In recent years, there have been numerous instances of flooding and landslides: extreme precipitation, an amount of rainfall or snowfall that exceeds what is normal for a given region, can be a cause of such events.
Natural variations in climate, such as El Niño–Southern Oscillation (Enso), affect precipitation. But attribution research studies, such as the latest modelling study, published on Tuesday in Nature Communications, work to better understand whether human actions impacting the climate, such as greenhouse gas emissions and land-use changes, contribute to the likelihood and severity of extreme events.
In the study, UCLA researchers looked at global climate records to examine whether anthropogenic influence – human-induced changes to the climate – had affected extreme precipitation. By examining multiple data sets of observed precipitation, the researchers were able to build a global picture, and found evidence of human activity affecting extreme precipitation in all of them.
“It is vital to identify the changes [to precipitation patterns] caused by human action, compared to the changes caused by natural climate variability,” explained lead researcher Gavin Madakumbura. “It allows us to manage water resources and plan adaption measures to changes driven by climate change.”
Up till now, work in this field has been restricted to countries, rather than applied locally. But the research team utilised machine learning to create a global data set.
Human-induced climate change is causing the Earth’s temperature to increase. Different mechanisms link warmer temperatures to extreme precipitation. “The dominant mechanism [driving extreme precipitation] for most regions around the world is that warmer air can hold more water vapour,” said Madakumbura. “This fuels storms.”

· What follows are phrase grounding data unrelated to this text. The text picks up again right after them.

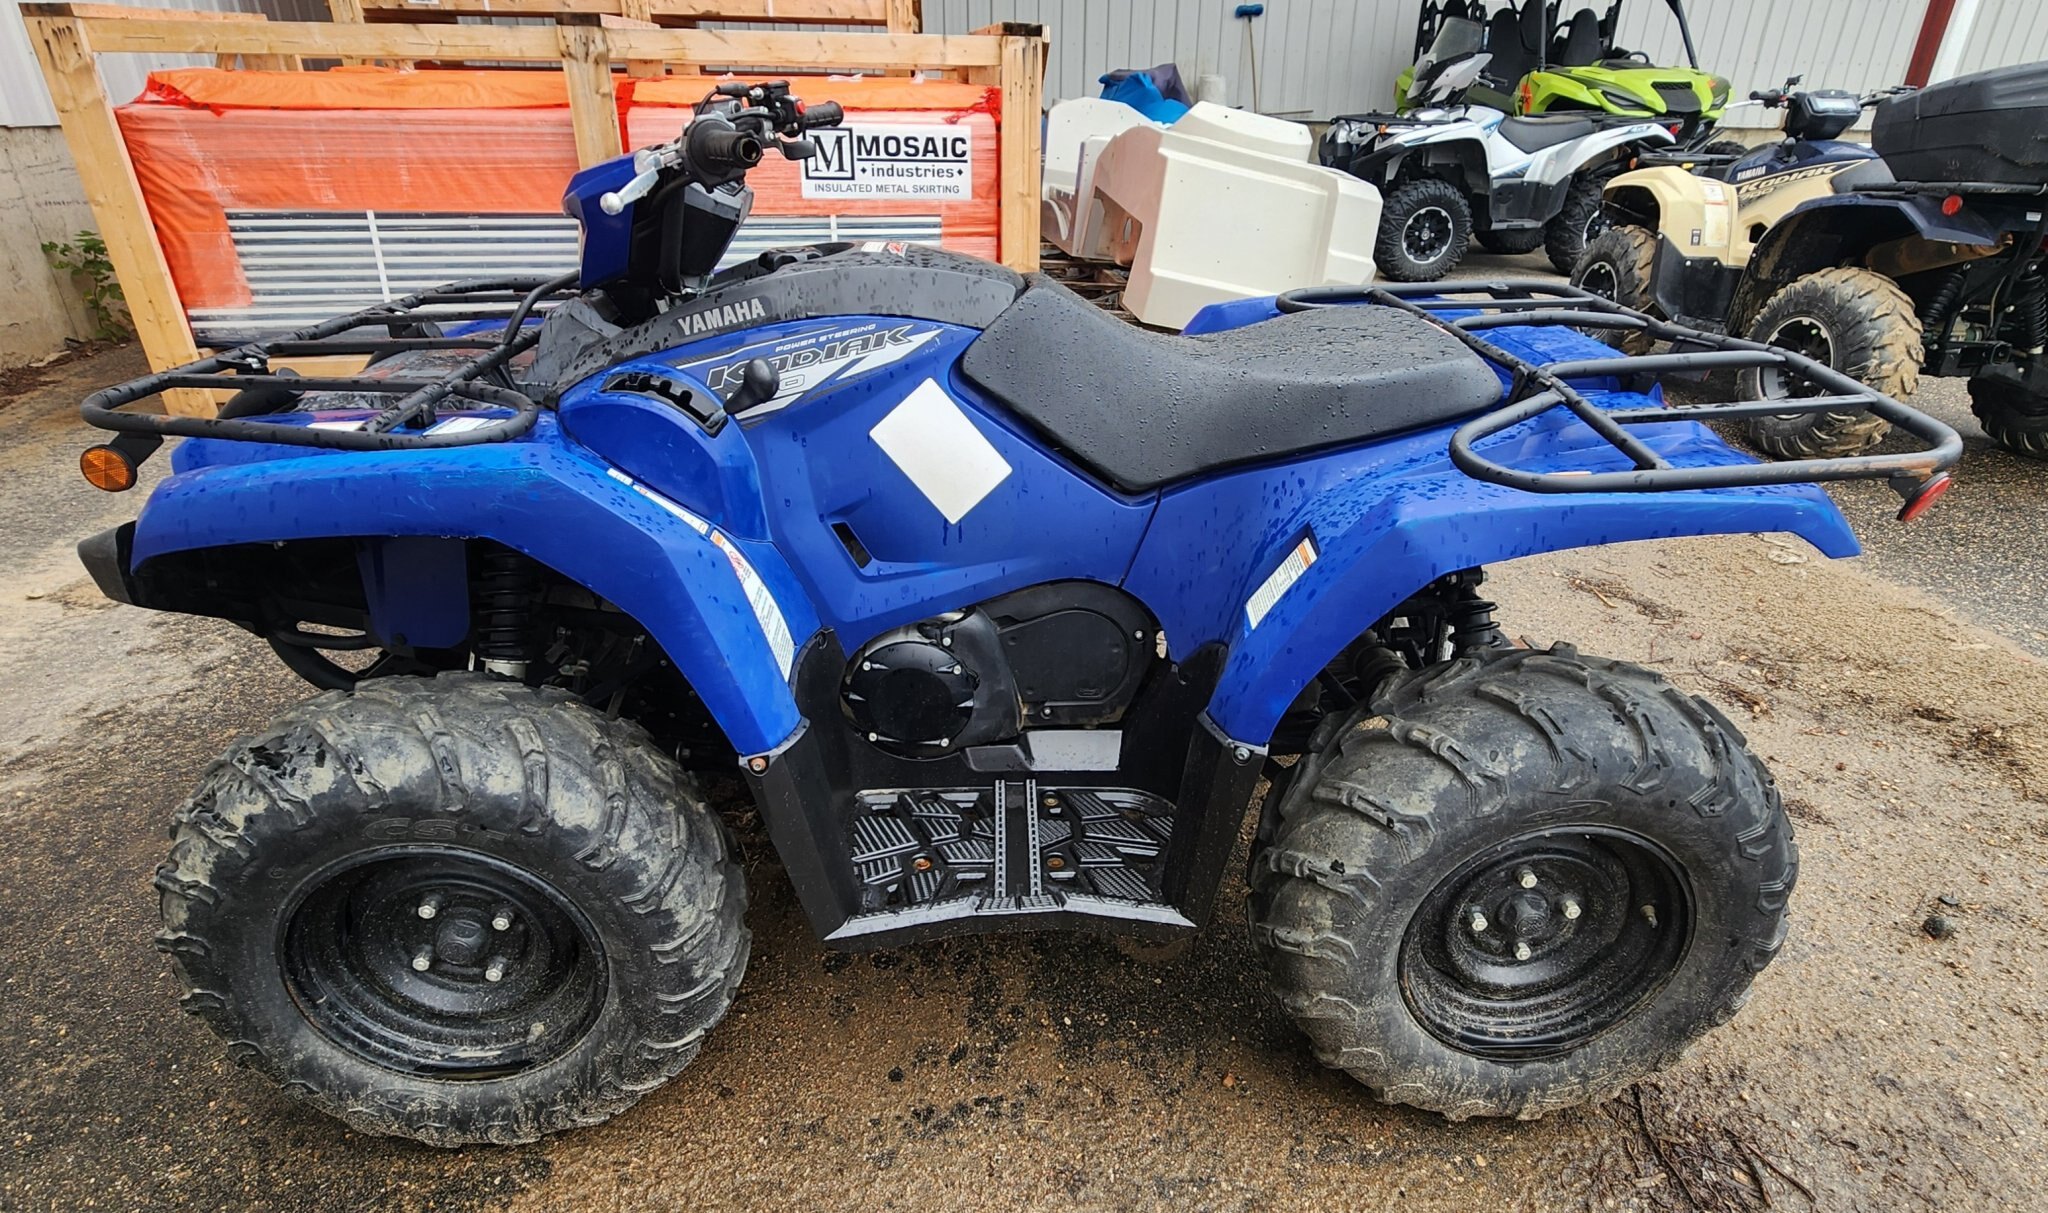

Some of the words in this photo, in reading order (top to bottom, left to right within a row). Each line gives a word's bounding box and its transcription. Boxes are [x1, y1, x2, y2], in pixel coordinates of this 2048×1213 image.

[809, 134, 849, 173] M
[856, 134, 968, 158] MOSAIC
[871, 163, 955, 178] industries
[1738, 165, 1838, 195] KODIAK
[814, 183, 873, 193] INSULATED
[875, 184, 909, 194] METAL
[912, 184, 960, 194] SKIRTING
[678, 298, 766, 336] YAMAHA
[775, 338, 816, 352] POWER
[819, 323, 876, 343] STEERING

While there are regional differences, and some places are becoming drier, Met Office data shows that overall, intense rainfall is increasing globally, meaning the rainiest days of the year are getting wetter. Changes to rainfall extremes – the number of very heavy rainfall days – are also a problem. These short, intense periods of rainfall can lead to flash flooding, with devastating impacts on infrastructure and the environment.
“We are already observing a 1.2C warming compared to pre-industrial levels,” pointed out Dr Sihan Li, a senior research associate at the University of Oxford, who was not involved in the study. She said: “If warming continues to increase, we will get more intense episodes of extreme precipitation, but also extreme drought events as well.”
Li said that while the machine-learning method used in the study was cutting edge, it currently did not allow for the attribution of individual factors that can influence precipitation extremes, such as anthropogenic aerosols, land-use change, or volcanic eruptions.
The method of machine learning used in the study learned from data alone. Madakumbura pointed out that in the future, “we can aid this learning by imposing climate physics in the algorithm, so it will not only learn whether the extreme precipitation has changed, but also the mechanisms, why it has changed”. “That’s the next step,” he said.